= Buddhism in Hungary =

Buddhism in Hungary has existed since 1951 when Ernő Hetényi founded the Buddhist Mission in Germany, as a member of the Arya Maitreya Mandala Buddhist order (Mahayana school). However, the first Buddhist community had been founded in the 1890s in Máramarossziget (today Sighetu Marmației, part of Romania). József Hollósy took refuge and wrote Buddhista Kátét ("Buddhist Catechism") (1893) — the first Buddhist catechism in Hungarian. According to this, the Dharma has been present in Hungary for more than a century. In 1933 the Hungarian philologist and Orientalist — author of the first Tibetan-English dictionary and grammar book Sándor Kőrösi Csoma — was recognised as a bodhisattva in Japan. In Hungary József Hollósy is regarded as the second bodhisattva.

In Hungary Buddhism has several forms, all of them with their own independent schools of thought. The different organisations coexist fairly harmoniously, but active communication between them is rather feeble.

Officially seven stupas have been inaugurated in Hungary: two in Budapest, and one in Budakeszi, Bükkmogyorósd (Csernely), Zalaszántó, Tar, and Becskén. The Peace Stupa in Zalaszántó is the biggest Buddhist shrine in Europe with a 30-meter height and 24-meter width.

Hungary has a Buddhist college named Dharma Gate Buddhist College in Budapest.

==History==

===Beginning===

Route travelled by Körösi Csoma

The ancient religion of Hungarian tribes was shamanism, but presumably some had come across Buddhism during their westward migration and some of them had probably adopted Buddhism as their religion. Due to the religious tolerance of Buddhism it was possible to practice two or more traditions at the same time, as was the case for Tibetan and Mongolian tribes. In the 15th century a Geleotti, humanist philosopher, fleeing the inquisition, found refuge at the court of Matthias Corvinus, king of Hungary. Galeotti called the Buddha an "Indian sage" and he thought that the capital of the country, Buda was named after him.

Sándor Kőrösi Csoma, in the hope of finding the ancient homeland of the Hungarians, wanted to travel to India via Afghanistan, and further on to Mongolia via Tibet. Eventually he reached Ladakh in Northern India. During this period at Zanskar — Csoma was the first European to visit the valley — he was immersed in an intense sixteen-month study of the Tibetan language and the Indo-Tibetan Buddhism at the core of its literature, with a local lama, Sangs-rgyas-phun-tshogs. He was one of the first Europeans to master the Tibetan language and read two of the great encyclopaedias of Indo-Tibetan Buddhist literature, the Kangyur (100 volumes) and the bsTan-'gyur (224 volumes), which contained translations of Buddhist books brought from India.
Kőrösi Csoma was given the title of bodhisattva in Tokyo in 1933 at the Taishyo Buddhist University as Csoma Bosatsu.

===After Kőrösi Csoma===
Buddhism appeared first in Hungary in the end of the 1890s, when József Hollósy, brother of painter Simon Hollósy, took refuge and wrote Buddhista Káté (1893).
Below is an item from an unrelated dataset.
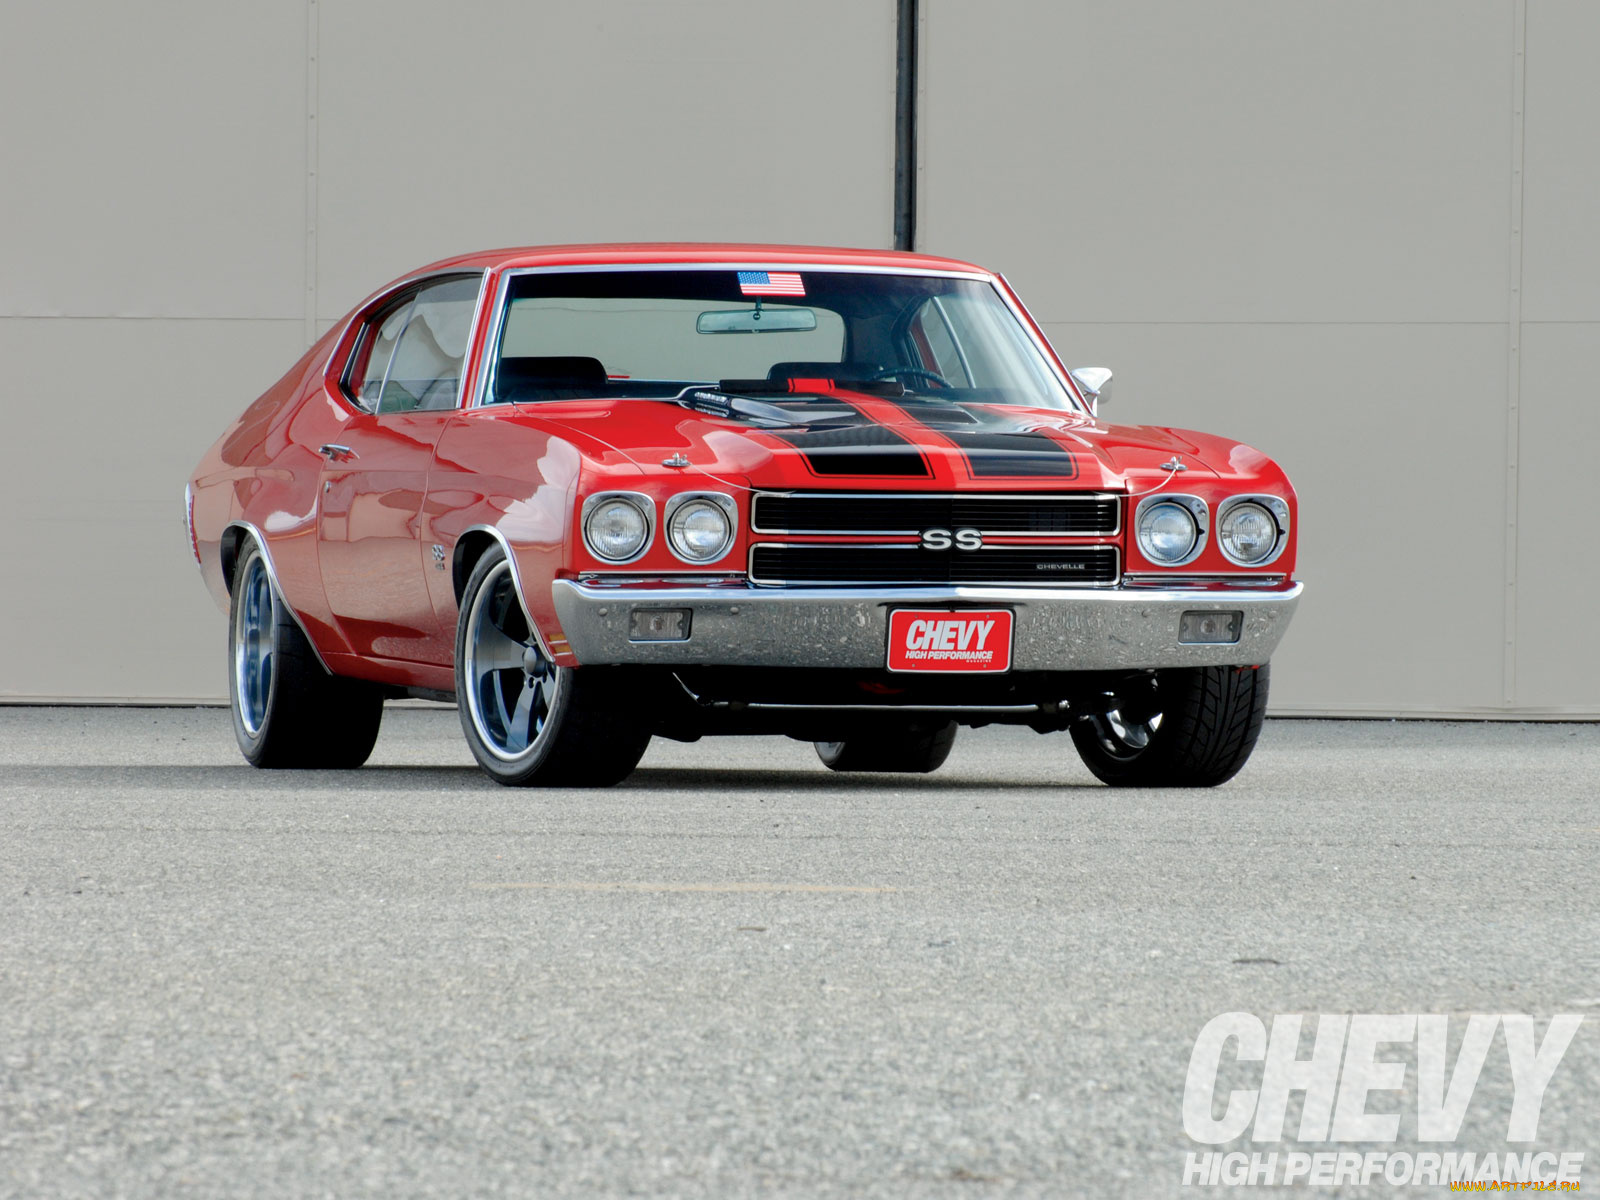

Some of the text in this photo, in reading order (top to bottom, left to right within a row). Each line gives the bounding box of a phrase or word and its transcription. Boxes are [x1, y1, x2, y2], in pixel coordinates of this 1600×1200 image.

[921, 528, 983, 550] SS
[905, 620, 995, 650] CHEVY
[905, 650, 993, 660] HIGH PERFORMANCE
László Mednyánszky was working on the sketches of the Arrival of the Hungarians, painting of Árpád Feszty, in Máramarossziget. József Hollósy lead a Buddhist circle which became a great influence for Mednyánszky. As a result, he dedicated the rest of his life to Buddhism. Mednyánszky was the first Hungarian artist to represent Buddhism with his choice of colours and themes.
There was another Buddhist community in Budapest between 1931 and 1935. The main figures were László Vágó wholesaler and Tibor Boromisza painter. Their seals represented Buddha under a székely gate (ornate door) surrounded by an epigraph: „Magyar Buddhisták” (Hungarian Buddhists).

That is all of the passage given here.